2. "Make healthy lifestyle choices. Get plenty of rest."
Oops, sorry, I just snorted Dr. Pepper through my nose. You're right about this one, you really are. This is probably the one area of my life over which I have the easiest control. But there's something about having only the time between when the children go to bed and my own bedtime to myself to do whatever I want that makes it hard for me to go to bed on time. And I don't drink coffee. So in the morning, it's more Dr. Pepper and whatever shiny, chocolaty thing I can get my hands on to get me through the day. It's a vicious cycle. I'm pretty sure that lumpiness on my ass cheeks is the bumps of Whoppers and peanut M&Ms floating just under the skin. It is a good idea, though. I'm trying.
3. "Get support from your friends and family. Ask for help."

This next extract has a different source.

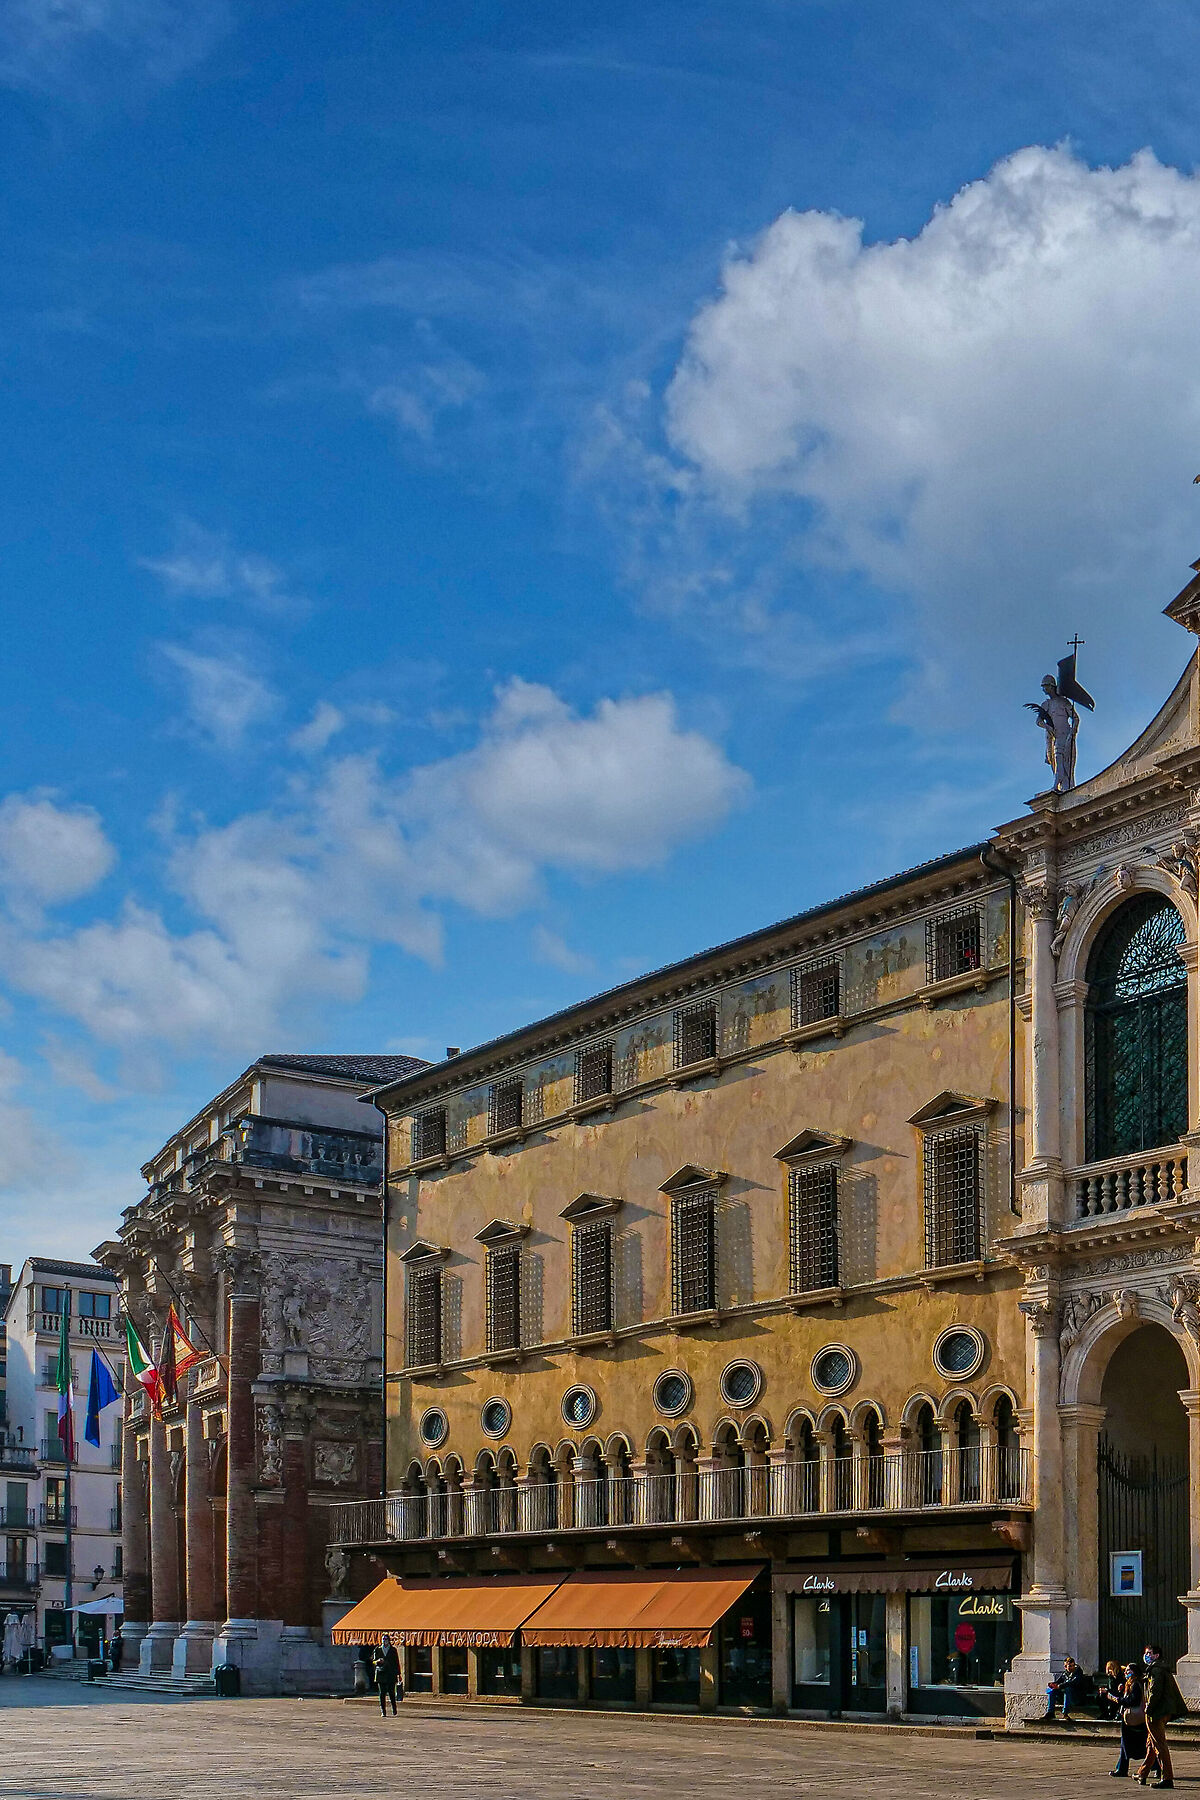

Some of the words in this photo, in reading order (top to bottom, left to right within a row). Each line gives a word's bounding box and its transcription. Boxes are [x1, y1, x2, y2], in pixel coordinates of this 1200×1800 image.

Mmm hmm. Yep, makes sense. Oh, wait. I do that all the time. You know that great guy I'm married to? The one who keeps our household afloat by making sure that shit gets done? The one trying to get tenure? That one? Or maybe you wanted me to ask for help from my crazy family. Right now, we're all working so hard at keeping our shit together at various skill levels that it feels a bit like trying to get help opening a jar from a room full of chimpanzees with butter on their hands. Loud, noisy, confusing, buttery. Nope. Or maybe my friends? That's a good suggestion, actually, because I have quite a few really supportive friends. I'm lucky in that regard; I have more friends now than I ever have in my life. Except here's the really crappy part about depression, or at least for me when I'm depressed: I either can't or won't initiate contact with people. It's about the very last thing I have the energy to do. And if I do, I feel worse, because I feel like I'm pulling people into my viscous pool of pointless navel-gazing. When you have social anxiety plus depression, this is like telling me I'll feel better if I pull out all my fingernails to use to make a lovely bracelet.

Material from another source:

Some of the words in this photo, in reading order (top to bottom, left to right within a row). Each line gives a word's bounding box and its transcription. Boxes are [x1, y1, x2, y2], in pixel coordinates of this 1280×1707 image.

4. "Change the way you think."
Oh. I never thought of that. Problem solved! Who knew it was just that easy! Seriously though, I know that cognitive therapy methods can do a world of good. They've helped me a lot. But some kinds of emotional crap needs bigger weapons than a worksheet and some daily affirmations.
5. "Learn better ways to solve problems and communicate."
Again, yes, very helpful suggestion. I'll add this to my things to do right now. The list that is a mile long, that makes it so hard to make a choice about what to do next that I do nothing at all. One more game of Picma...
6. "Talk to an expert. Stress can be too much to handle on your own."
Ah, we've finally gotten to one that feels like a good fit. I'm glad to hear that this feeling of dust and ashes might be something I need to have outside perspective on. Maybe I"m not thinking clearly and objectively! Good idea! I think if we've gotten this far, from talking with a clueless Minnesotan "coach," reading this handy health sheet, and having years of therapy and medication, it might be time to bring in an expert. Yep. That'll be $240 a month please. Now there's a stress-reliever for you!
So when people ask me how I'm doing, or if I'm okay, I tend to lie or to downplay it. I try to be funny or vague or flippant or evasive. I don't want to talk about it. Not really. What is there left to say?